WORK REQUEST → Transcribe the data exactly, omitting whatever pictures it holds.

EXERCISE INPUT →
★ ★ ★

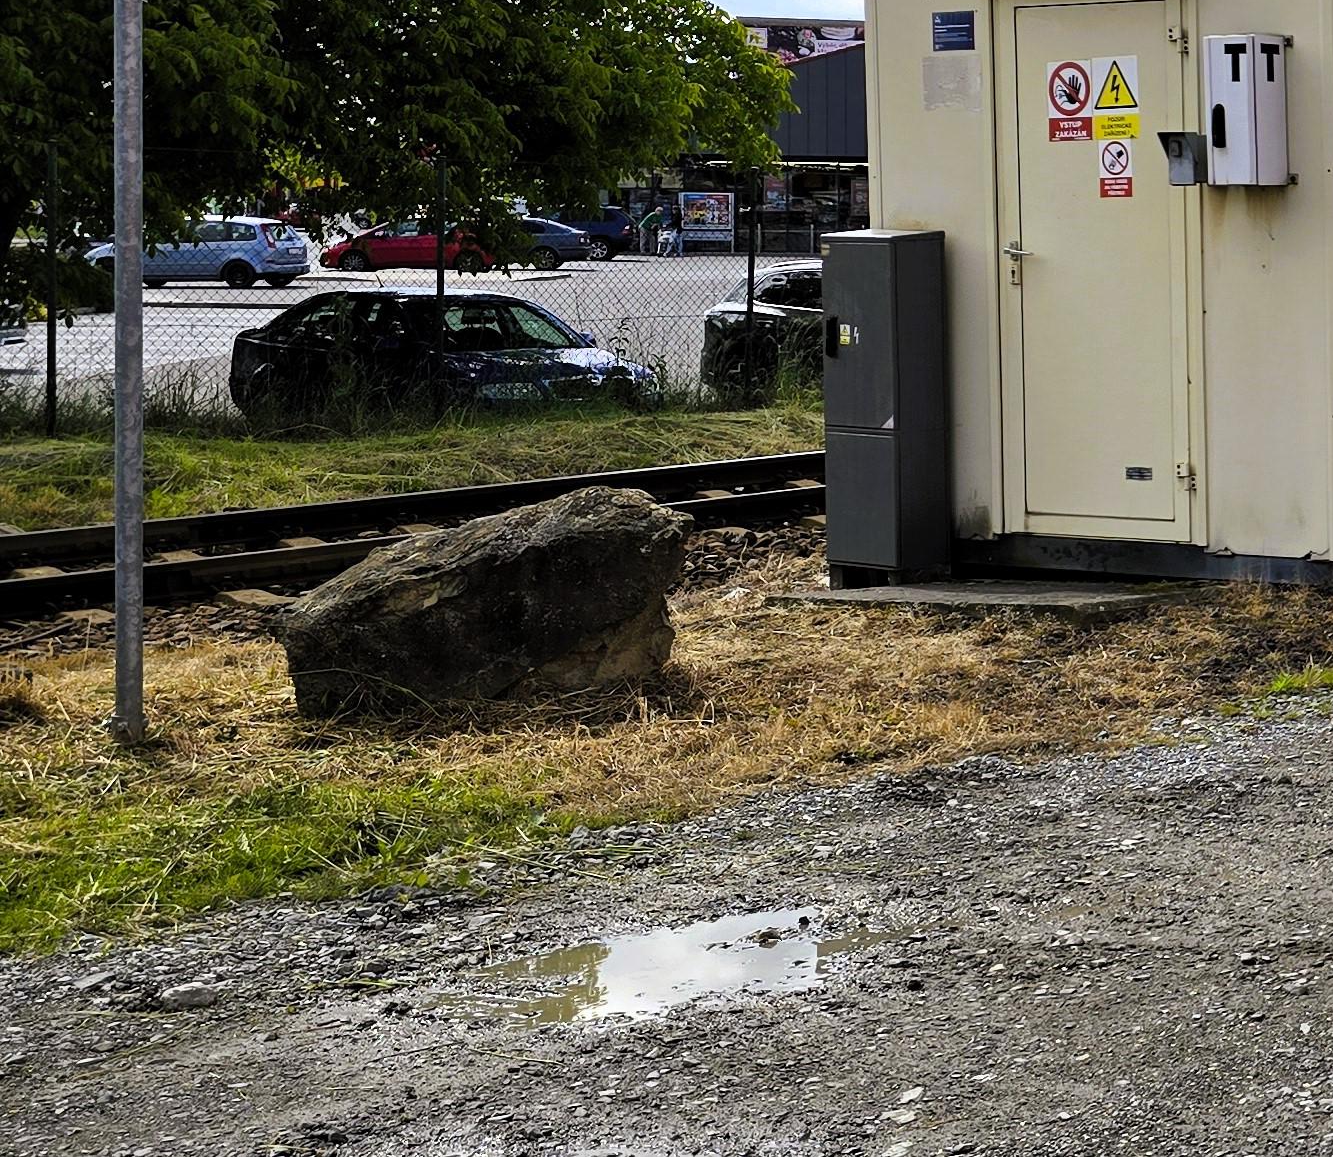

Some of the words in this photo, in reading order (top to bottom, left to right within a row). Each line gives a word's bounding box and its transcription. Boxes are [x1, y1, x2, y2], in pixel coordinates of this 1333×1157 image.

[1224, 43, 1247, 82] T
[1260, 43, 1280, 82] T
[1055, 129, 1088, 138] ZAKÁZÁN
[1059, 120, 1083, 129] VSTUP
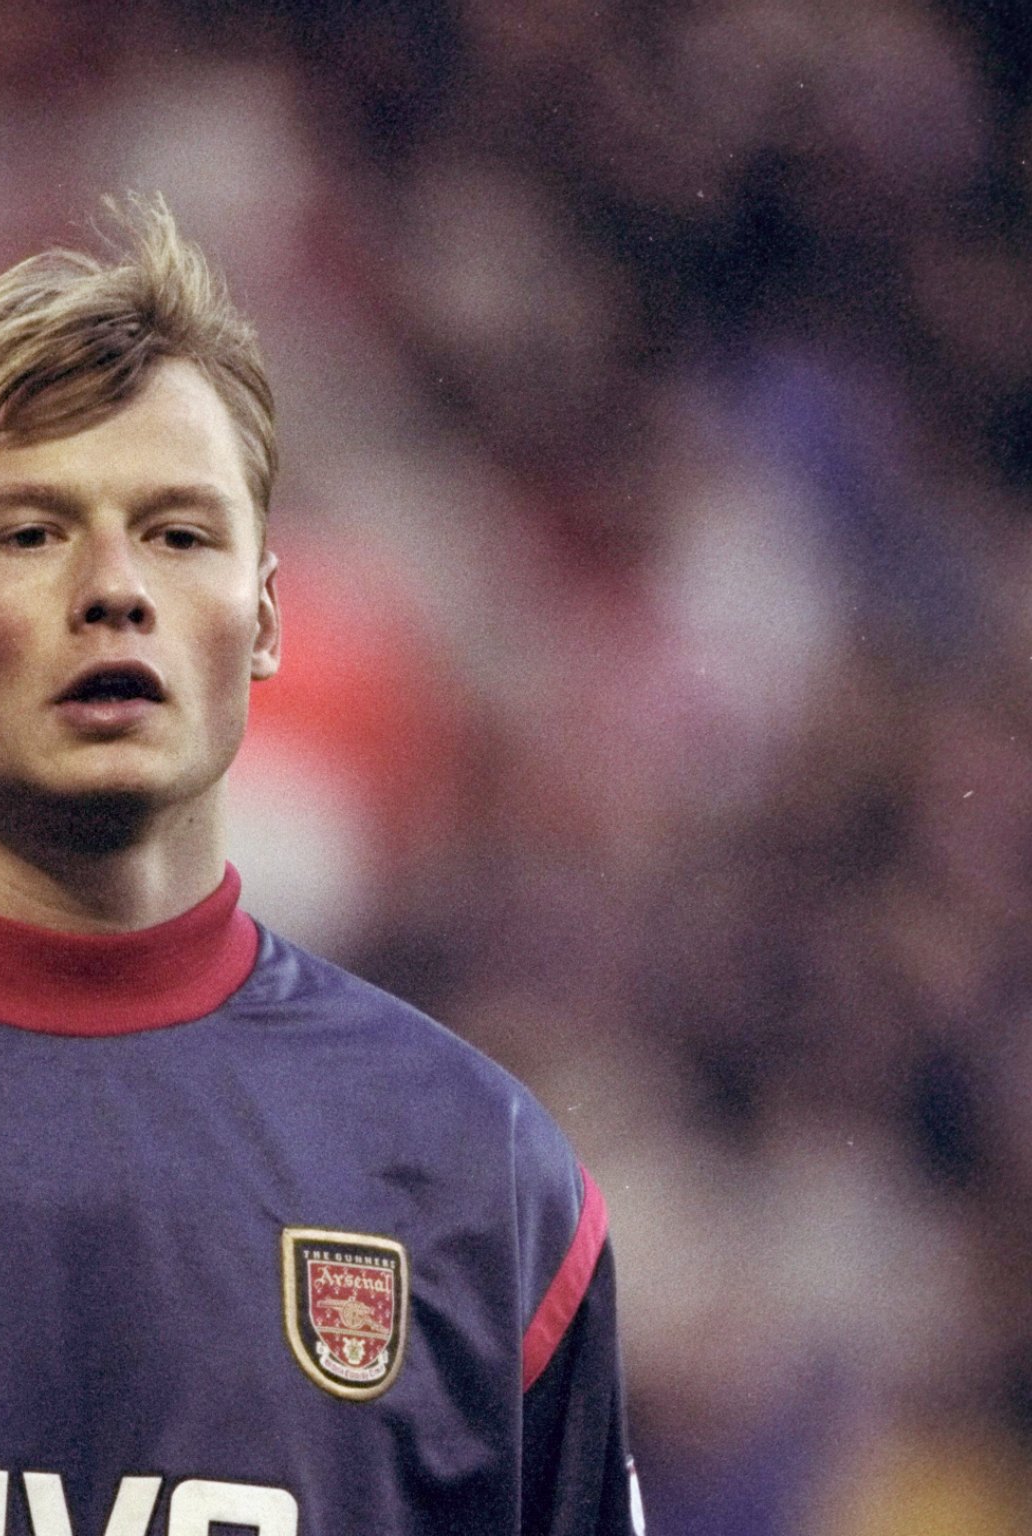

★ ★ ★

ANSWER BELOW →
Some of the words in this photo, in reading order (top to bottom, left to right within a row). Each line gives a word's bounding box and its transcription. Boxes are [x1, y1, x2, y2], in pixel coordinates of this 1333×1157 image.

[1224, 43, 1247, 82] T
[1260, 43, 1280, 82] T
[1055, 129, 1088, 138] ZAKÁZÁN
[1059, 120, 1083, 129] VSTUP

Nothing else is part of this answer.